■ **Problem to work on**
Write every line below out again, exactly as given, but leave out the pictures.

■ **Provided data**
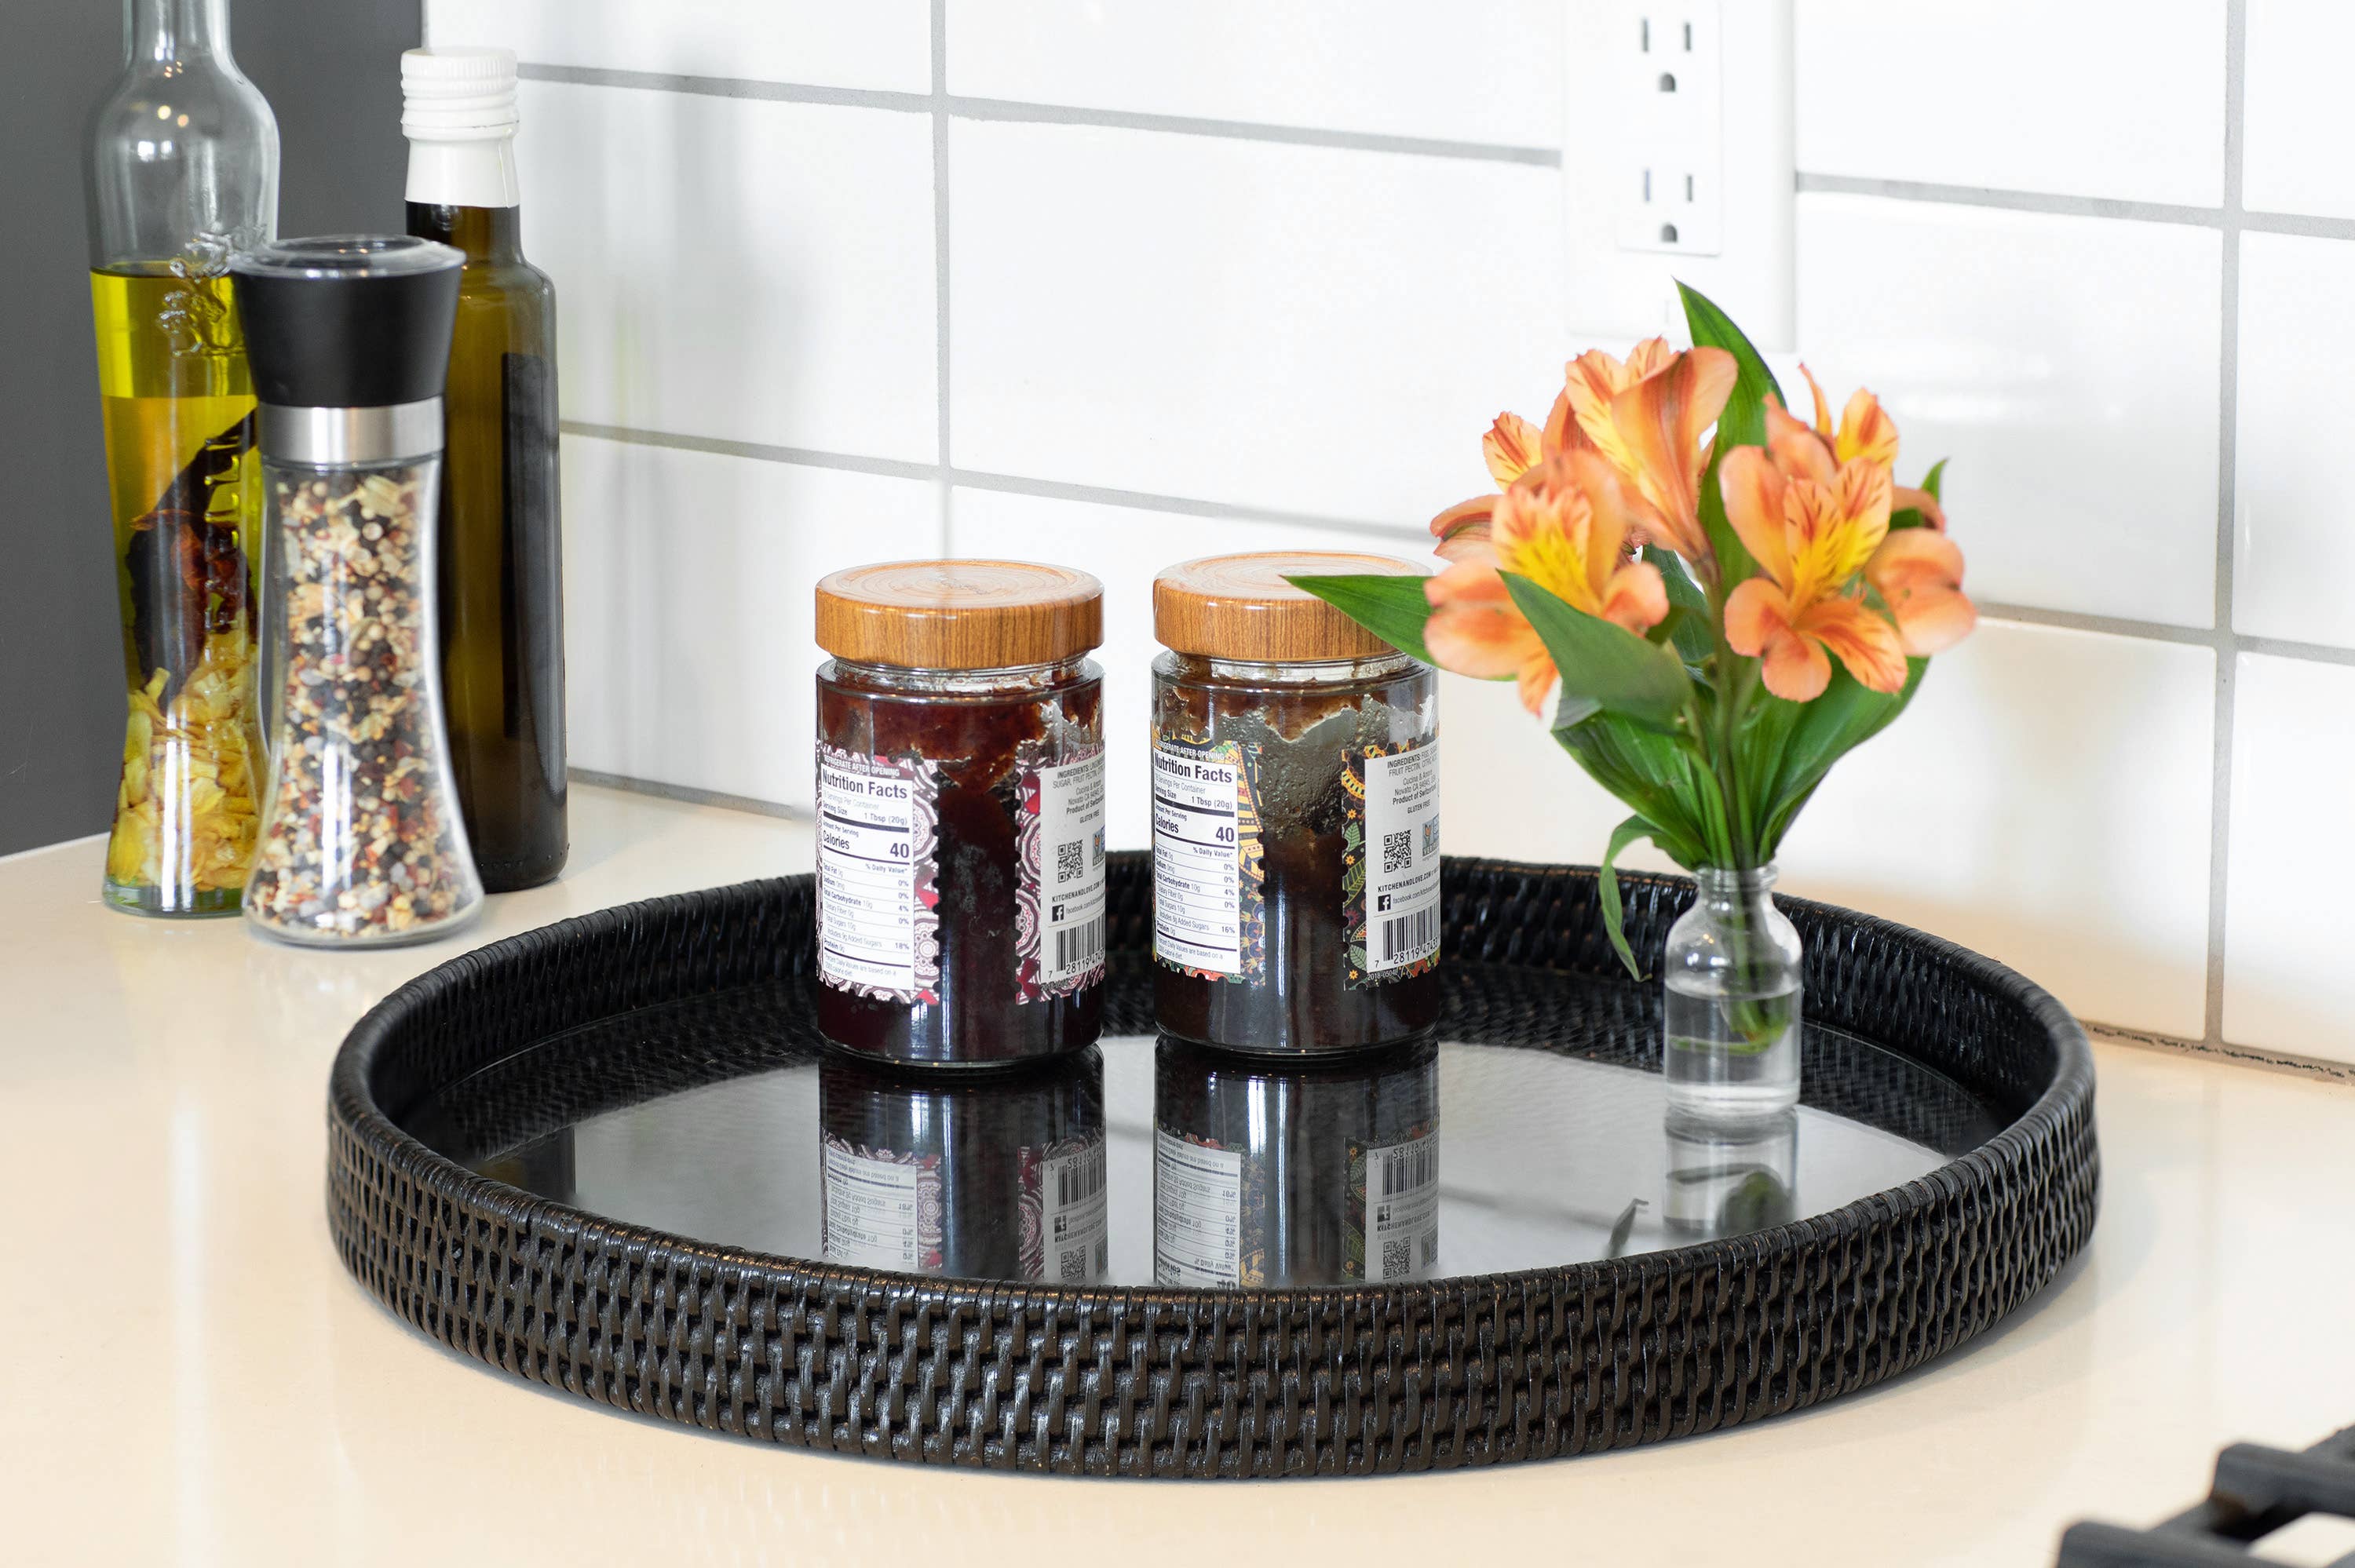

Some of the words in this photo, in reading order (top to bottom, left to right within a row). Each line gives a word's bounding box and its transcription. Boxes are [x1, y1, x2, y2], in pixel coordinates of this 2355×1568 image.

[1181, 746, 1196, 757] AFTER
[1197, 749, 1225, 760] OPENING
[853, 763, 871, 773] AFTER
[871, 765, 900, 777] OPENING
[1155, 752, 1191, 778] Nutrition
[1195, 765, 1232, 783] Facts
[823, 768, 863, 794] Nutrition
[868, 782, 907, 798] Facts
[1181, 782, 1206, 793] Container
[1393, 793, 1413, 805] Product
[1414, 791, 1418, 800] of
[1394, 786, 1411, 797] Novato
[1167, 789, 1177, 799] Size
[1196, 797, 1211, 807] Tbsp
[1214, 800, 1232, 810] (20g)
[1066, 803, 1084, 815] Product
[1171, 808, 1187, 821] Serving
[1407, 803, 1422, 814] GLUTEN
[870, 813, 886, 823] Tbsp
[1156, 813, 1179, 833] Calories
[1215, 826, 1235, 842] 40
[823, 830, 849, 850] Calories
[889, 843, 909, 859] 40
[1199, 848, 1212, 857] Daily
[1163, 874, 1190, 890] Carbohydrate
[1191, 883, 1200, 893] 10g
[1178, 917, 1192, 927] Added
[1192, 920, 1210, 931] Sugars
[1393, 947, 1420, 965] 28119
[1049, 971, 1053, 979] 7
[1066, 957, 1090, 975] 28119
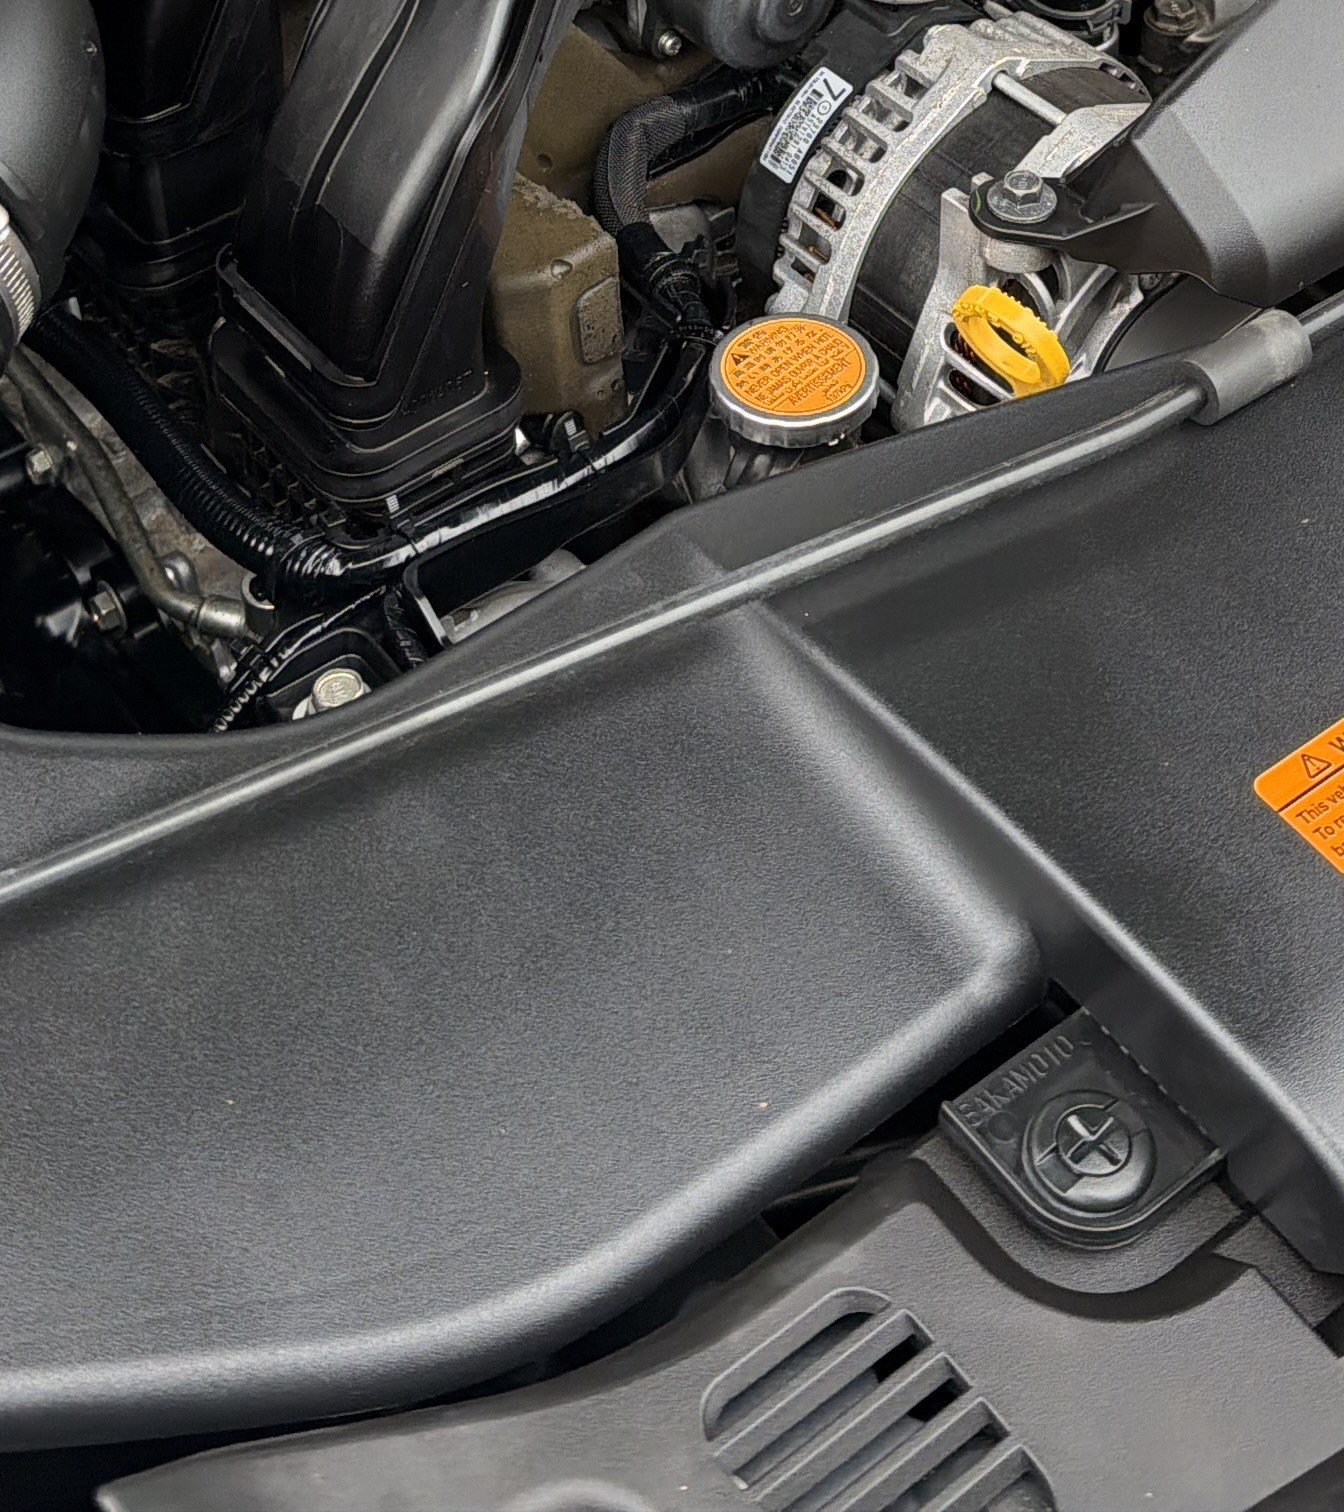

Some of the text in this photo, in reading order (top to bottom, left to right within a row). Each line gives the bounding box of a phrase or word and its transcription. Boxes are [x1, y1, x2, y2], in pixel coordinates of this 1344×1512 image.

■ **Solution to this problem**
Some of the words in this photo, in reading order (top to bottom, left to right within a row). Each line gives a word's bounding box and its transcription. Boxes are [x1, y1, x2, y2], in pixel coordinates of this 2355×1568 image.

[1181, 746, 1196, 757] AFTER
[1197, 749, 1225, 760] OPENING
[853, 763, 871, 773] AFTER
[871, 765, 900, 777] OPENING
[1155, 752, 1191, 778] Nutrition
[1195, 765, 1232, 783] Facts
[823, 768, 863, 794] Nutrition
[868, 782, 907, 798] Facts
[1181, 782, 1206, 793] Container
[1393, 793, 1413, 805] Product
[1414, 791, 1418, 800] of
[1394, 786, 1411, 797] Novato
[1167, 789, 1177, 799] Size
[1196, 797, 1211, 807] Tbsp
[1214, 800, 1232, 810] (20g)
[1066, 803, 1084, 815] Product
[1171, 808, 1187, 821] Serving
[1407, 803, 1422, 814] GLUTEN
[870, 813, 886, 823] Tbsp
[1156, 813, 1179, 833] Calories
[1215, 826, 1235, 842] 40
[823, 830, 849, 850] Calories
[889, 843, 909, 859] 40
[1199, 848, 1212, 857] Daily
[1163, 874, 1190, 890] Carbohydrate
[1191, 883, 1200, 893] 10g
[1178, 917, 1192, 927] Added
[1192, 920, 1210, 931] Sugars
[1393, 947, 1420, 965] 28119
[1049, 971, 1053, 979] 7
[1066, 957, 1090, 975] 28119

Some of the text in this photo, in reading order (top to bottom, left to right within a row). Each line gives the bounding box of a phrase or word and its transcription. Boxes are [x1, y1, x2, y2], in pixel coordinates of this 1344×1512 image.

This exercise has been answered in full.